The whole listing below should be output again, word for word.

DATA SHOWN –
——————————

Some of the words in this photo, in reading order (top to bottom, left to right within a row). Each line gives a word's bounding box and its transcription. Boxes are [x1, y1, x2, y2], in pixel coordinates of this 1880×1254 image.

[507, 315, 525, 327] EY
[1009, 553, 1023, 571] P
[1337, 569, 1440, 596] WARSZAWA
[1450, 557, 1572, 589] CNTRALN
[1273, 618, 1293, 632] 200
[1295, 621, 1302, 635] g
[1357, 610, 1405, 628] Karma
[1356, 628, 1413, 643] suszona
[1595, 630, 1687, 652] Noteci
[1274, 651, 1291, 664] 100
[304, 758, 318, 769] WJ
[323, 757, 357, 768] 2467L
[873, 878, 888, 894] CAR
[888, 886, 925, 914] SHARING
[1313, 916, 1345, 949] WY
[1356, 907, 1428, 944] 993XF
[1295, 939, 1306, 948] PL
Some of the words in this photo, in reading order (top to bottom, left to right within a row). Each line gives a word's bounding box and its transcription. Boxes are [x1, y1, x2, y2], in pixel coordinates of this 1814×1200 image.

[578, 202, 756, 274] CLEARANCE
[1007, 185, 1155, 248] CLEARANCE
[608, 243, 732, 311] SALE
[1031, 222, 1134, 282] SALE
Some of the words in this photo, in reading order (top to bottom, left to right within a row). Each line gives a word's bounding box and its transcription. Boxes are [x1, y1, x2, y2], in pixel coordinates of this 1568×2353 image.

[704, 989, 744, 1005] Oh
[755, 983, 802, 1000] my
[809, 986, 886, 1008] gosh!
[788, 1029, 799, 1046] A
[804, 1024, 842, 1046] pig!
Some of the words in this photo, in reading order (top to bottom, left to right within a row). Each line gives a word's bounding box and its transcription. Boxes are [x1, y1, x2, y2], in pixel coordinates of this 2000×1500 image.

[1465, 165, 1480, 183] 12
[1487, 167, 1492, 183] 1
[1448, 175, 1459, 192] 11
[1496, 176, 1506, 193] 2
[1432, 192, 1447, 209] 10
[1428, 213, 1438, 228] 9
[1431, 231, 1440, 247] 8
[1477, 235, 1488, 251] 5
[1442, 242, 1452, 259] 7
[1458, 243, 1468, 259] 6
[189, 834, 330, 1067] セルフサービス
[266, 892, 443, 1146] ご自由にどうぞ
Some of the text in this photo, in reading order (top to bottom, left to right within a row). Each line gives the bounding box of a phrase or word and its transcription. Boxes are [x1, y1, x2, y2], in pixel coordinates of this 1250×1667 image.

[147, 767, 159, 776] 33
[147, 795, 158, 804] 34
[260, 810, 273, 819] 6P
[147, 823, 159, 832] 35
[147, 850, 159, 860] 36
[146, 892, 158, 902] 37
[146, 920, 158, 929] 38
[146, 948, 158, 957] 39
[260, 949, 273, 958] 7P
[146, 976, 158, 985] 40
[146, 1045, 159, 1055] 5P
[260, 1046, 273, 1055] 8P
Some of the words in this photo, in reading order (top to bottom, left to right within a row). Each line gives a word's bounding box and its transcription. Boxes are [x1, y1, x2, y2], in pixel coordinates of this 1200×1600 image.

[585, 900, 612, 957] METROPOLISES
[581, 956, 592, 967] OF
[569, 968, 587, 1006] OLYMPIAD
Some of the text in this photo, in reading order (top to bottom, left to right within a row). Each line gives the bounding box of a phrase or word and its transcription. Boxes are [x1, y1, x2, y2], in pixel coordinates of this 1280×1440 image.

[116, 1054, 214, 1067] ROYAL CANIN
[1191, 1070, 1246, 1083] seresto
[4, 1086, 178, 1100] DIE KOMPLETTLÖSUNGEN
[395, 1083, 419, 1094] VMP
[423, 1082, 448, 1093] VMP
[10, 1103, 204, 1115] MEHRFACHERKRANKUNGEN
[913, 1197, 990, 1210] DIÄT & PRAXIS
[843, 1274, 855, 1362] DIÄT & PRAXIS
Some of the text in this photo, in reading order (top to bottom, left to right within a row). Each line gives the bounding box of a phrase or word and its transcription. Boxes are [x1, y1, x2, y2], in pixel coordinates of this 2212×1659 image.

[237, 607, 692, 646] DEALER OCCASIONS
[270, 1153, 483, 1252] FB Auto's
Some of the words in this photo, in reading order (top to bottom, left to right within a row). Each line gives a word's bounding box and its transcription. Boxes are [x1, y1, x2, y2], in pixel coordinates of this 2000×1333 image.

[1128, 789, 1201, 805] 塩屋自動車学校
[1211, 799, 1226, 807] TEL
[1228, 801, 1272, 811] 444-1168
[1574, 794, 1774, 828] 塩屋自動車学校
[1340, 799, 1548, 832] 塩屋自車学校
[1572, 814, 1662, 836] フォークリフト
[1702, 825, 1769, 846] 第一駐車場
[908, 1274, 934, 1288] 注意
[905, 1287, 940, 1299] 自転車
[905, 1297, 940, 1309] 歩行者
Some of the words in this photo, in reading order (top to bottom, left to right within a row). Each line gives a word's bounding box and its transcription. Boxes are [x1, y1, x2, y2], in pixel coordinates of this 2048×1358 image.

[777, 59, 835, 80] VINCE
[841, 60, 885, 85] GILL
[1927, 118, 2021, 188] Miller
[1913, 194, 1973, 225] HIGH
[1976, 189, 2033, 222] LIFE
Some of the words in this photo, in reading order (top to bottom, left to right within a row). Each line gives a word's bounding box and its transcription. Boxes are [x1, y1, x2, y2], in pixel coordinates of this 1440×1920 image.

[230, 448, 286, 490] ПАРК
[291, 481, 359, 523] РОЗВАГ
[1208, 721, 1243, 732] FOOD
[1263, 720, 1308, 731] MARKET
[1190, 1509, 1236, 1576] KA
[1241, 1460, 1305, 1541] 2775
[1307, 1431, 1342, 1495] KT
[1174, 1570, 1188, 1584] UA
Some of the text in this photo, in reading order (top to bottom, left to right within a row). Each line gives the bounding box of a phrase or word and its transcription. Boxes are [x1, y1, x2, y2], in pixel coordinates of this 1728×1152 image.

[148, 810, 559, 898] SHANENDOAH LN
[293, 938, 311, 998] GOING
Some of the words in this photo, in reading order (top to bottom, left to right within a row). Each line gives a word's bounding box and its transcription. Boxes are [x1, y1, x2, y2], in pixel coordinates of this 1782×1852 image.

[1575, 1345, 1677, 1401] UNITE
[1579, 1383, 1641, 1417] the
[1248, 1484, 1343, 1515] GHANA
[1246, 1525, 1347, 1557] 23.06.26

——————————

THE COMPLETED TASK –
Some of the words in this photo, in reading order (top to bottom, left to right within a row). Each line gives a word's bounding box and its transcription. Boxes are [x1, y1, x2, y2], in pixel coordinates of this 1880×1254 image.

[507, 315, 525, 327] EY
[1009, 553, 1023, 571] P
[1337, 569, 1440, 596] WARSZAWA
[1450, 557, 1572, 589] CNTRALN
[1273, 618, 1293, 632] 200
[1295, 621, 1302, 635] g
[1357, 610, 1405, 628] Karma
[1356, 628, 1413, 643] suszona
[1595, 630, 1687, 652] Noteci
[1274, 651, 1291, 664] 100
[304, 758, 318, 769] WJ
[323, 757, 357, 768] 2467L
[873, 878, 888, 894] CAR
[888, 886, 925, 914] SHARING
[1313, 916, 1345, 949] WY
[1356, 907, 1428, 944] 993XF
[1295, 939, 1306, 948] PL
Some of the words in this photo, in reading order (top to bottom, left to right within a row). Each line gives a word's bounding box and its transcription. Boxes are [x1, y1, x2, y2], in pixel coordinates of this 1814×1200 image.

[578, 202, 756, 274] CLEARANCE
[1007, 185, 1155, 248] CLEARANCE
[608, 243, 732, 311] SALE
[1031, 222, 1134, 282] SALE
Some of the words in this photo, in reading order (top to bottom, left to right within a row). Each line gives a word's bounding box and its transcription. Boxes are [x1, y1, x2, y2], in pixel coordinates of this 1568×2353 image.

[704, 989, 744, 1005] Oh
[755, 983, 802, 1000] my
[809, 986, 886, 1008] gosh!
[788, 1029, 799, 1046] A
[804, 1024, 842, 1046] pig!
Some of the words in this photo, in reading order (top to bottom, left to right within a row). Each line gives a word's bounding box and its transcription. Boxes are [x1, y1, x2, y2], in pixel coordinates of this 2000×1500 image.

[1465, 165, 1480, 183] 12
[1487, 167, 1492, 183] 1
[1448, 175, 1459, 192] 11
[1496, 176, 1506, 193] 2
[1432, 192, 1447, 209] 10
[1428, 213, 1438, 228] 9
[1431, 231, 1440, 247] 8
[1477, 235, 1488, 251] 5
[1442, 242, 1452, 259] 7
[1458, 243, 1468, 259] 6
[189, 834, 330, 1067] セルフサービス
[266, 892, 443, 1146] ご自由にどうぞ
Some of the text in this photo, in reading order (top to bottom, left to right within a row). Each line gives the bounding box of a phrase or word and its transcription. Boxes are [x1, y1, x2, y2], in pixel coordinates of this 1250×1667 image.

[147, 767, 159, 776] 33
[147, 795, 158, 804] 34
[260, 810, 273, 819] 6P
[147, 823, 159, 832] 35
[147, 850, 159, 860] 36
[146, 892, 158, 902] 37
[146, 920, 158, 929] 38
[146, 948, 158, 957] 39
[260, 949, 273, 958] 7P
[146, 976, 158, 985] 40
[146, 1045, 159, 1055] 5P
[260, 1046, 273, 1055] 8P
Some of the words in this photo, in reading order (top to bottom, left to right within a row). Each line gives a word's bounding box and its transcription. Boxes are [x1, y1, x2, y2], in pixel coordinates of this 1200×1600 image.

[585, 900, 612, 957] METROPOLISES
[581, 956, 592, 967] OF
[569, 968, 587, 1006] OLYMPIAD
Some of the text in this photo, in reading order (top to bottom, left to right within a row). Each line gives the bounding box of a phrase or word and its transcription. Boxes are [x1, y1, x2, y2], in pixel coordinates of this 1280×1440 image.

[116, 1054, 214, 1067] ROYAL CANIN
[1191, 1070, 1246, 1083] seresto
[4, 1086, 178, 1100] DIE KOMPLETTLÖSUNGEN
[395, 1083, 419, 1094] VMP
[423, 1082, 448, 1093] VMP
[10, 1103, 204, 1115] MEHRFACHERKRANKUNGEN
[913, 1197, 990, 1210] DIÄT & PRAXIS
[843, 1274, 855, 1362] DIÄT & PRAXIS
Some of the text in this photo, in reading order (top to bottom, left to right within a row). Each line gives the bounding box of a phrase or word and its transcription. Boxes are [x1, y1, x2, y2], in pixel coordinates of this 2212×1659 image.

[237, 607, 692, 646] DEALER OCCASIONS
[270, 1153, 483, 1252] FB Auto's
Some of the words in this photo, in reading order (top to bottom, left to right within a row). Each line gives a word's bounding box and its transcription. Boxes are [x1, y1, x2, y2], in pixel coordinates of this 2000×1333 image.

[1128, 789, 1201, 805] 塩屋自動車学校
[1211, 799, 1226, 807] TEL
[1228, 801, 1272, 811] 444-1168
[1574, 794, 1774, 828] 塩屋自動車学校
[1340, 799, 1548, 832] 塩屋自車学校
[1572, 814, 1662, 836] フォークリフト
[1702, 825, 1769, 846] 第一駐車場
[908, 1274, 934, 1288] 注意
[905, 1287, 940, 1299] 自転車
[905, 1297, 940, 1309] 歩行者
Some of the words in this photo, in reading order (top to bottom, left to right within a row). Each line gives a word's bounding box and its transcription. Boxes are [x1, y1, x2, y2], in pixel coordinates of this 2048×1358 image.

[777, 59, 835, 80] VINCE
[841, 60, 885, 85] GILL
[1927, 118, 2021, 188] Miller
[1913, 194, 1973, 225] HIGH
[1976, 189, 2033, 222] LIFE
Some of the words in this photo, in reading order (top to bottom, left to right within a row). Each line gives a word's bounding box and its transcription. Boxes are [x1, y1, x2, y2], in pixel coordinates of this 1440×1920 image.

[230, 448, 286, 490] ПАРК
[291, 481, 359, 523] РОЗВАГ
[1208, 721, 1243, 732] FOOD
[1263, 720, 1308, 731] MARKET
[1190, 1509, 1236, 1576] KA
[1241, 1460, 1305, 1541] 2775
[1307, 1431, 1342, 1495] KT
[1174, 1570, 1188, 1584] UA
Some of the text in this photo, in reading order (top to bottom, left to right within a row). Each line gives the bounding box of a phrase or word and its transcription. Boxes are [x1, y1, x2, y2], in pixel coordinates of this 1728×1152 image.

[148, 810, 559, 898] SHANENDOAH LN
[293, 938, 311, 998] GOING
Some of the words in this photo, in reading order (top to bottom, left to right within a row). Each line gives a word's bounding box and its transcription. Boxes are [x1, y1, x2, y2], in pixel coordinates of this 1782×1852 image.

[1575, 1345, 1677, 1401] UNITE
[1579, 1383, 1641, 1417] the
[1248, 1484, 1343, 1515] GHANA
[1246, 1525, 1347, 1557] 23.06.26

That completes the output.